TASK REQUIREMENTS => Exact copy, no pictures: repeat the data that follows.

SUPPLIED ENTRIES =>
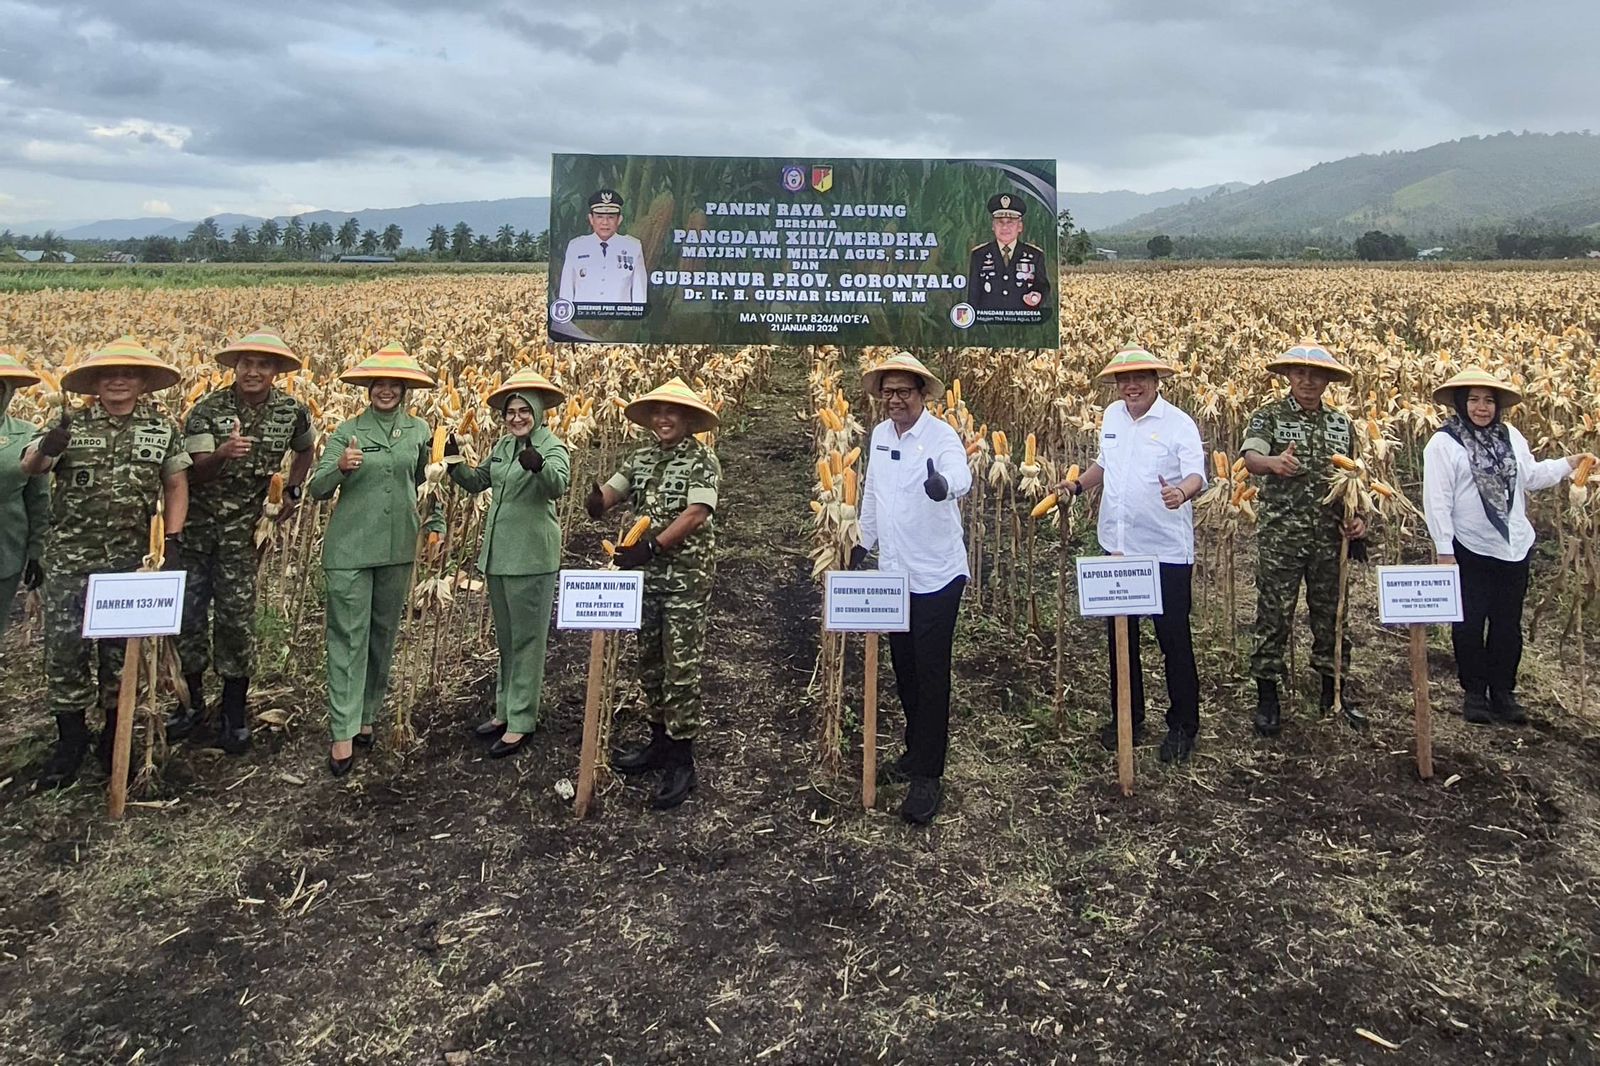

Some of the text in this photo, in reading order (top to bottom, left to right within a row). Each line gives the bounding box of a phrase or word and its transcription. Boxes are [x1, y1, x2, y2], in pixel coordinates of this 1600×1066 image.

[705, 202, 907, 218] PANEN RAYA JAGUNG
[775, 219, 837, 229] BERSAMA
[673, 229, 938, 247] PANGDAM XIII/MERDEKA
[682, 246, 930, 262] MAYJEN TNI MIRZA AGUS, S.I.P
[792, 261, 819, 270] DAN
[650, 271, 967, 289] GUBERNUR PROV. GORONTALO
[684, 288, 926, 303] Dr. Ir. H. GUSNAR ISMAIL, M.M
[739, 313, 758, 322] MA
[759, 313, 793, 323] YONIF
[795, 313, 808, 323] TP
[770, 324, 839, 332] 21 JANUARI 2026
[1082, 568, 1152, 579] KAPOLDA GORONTALO
[566, 581, 602, 591] PANGDAM
[833, 587, 901, 595] GUBERNUR GORONTALO
[95, 597, 174, 610] DANREM 133/NW

FINISHED TASK =>
Some of the text in this photo, in reading order (top to bottom, left to right within a row). Each line gives the bounding box of a phrase or word and its transcription. Boxes are [x1, y1, x2, y2], in pixel coordinates of this 1600×1066 image.

[705, 202, 907, 218] PANEN RAYA JAGUNG
[775, 219, 837, 229] BERSAMA
[673, 229, 938, 247] PANGDAM XIII/MERDEKA
[682, 246, 930, 262] MAYJEN TNI MIRZA AGUS, S.I.P
[792, 261, 819, 270] DAN
[650, 271, 967, 289] GUBERNUR PROV. GORONTALO
[684, 288, 926, 303] Dr. Ir. H. GUSNAR ISMAIL, M.M
[739, 313, 758, 322] MA
[759, 313, 793, 323] YONIF
[795, 313, 808, 323] TP
[770, 324, 839, 332] 21 JANUARI 2026
[1082, 568, 1152, 579] KAPOLDA GORONTALO
[566, 581, 602, 591] PANGDAM
[833, 587, 901, 595] GUBERNUR GORONTALO
[95, 597, 174, 610] DANREM 133/NW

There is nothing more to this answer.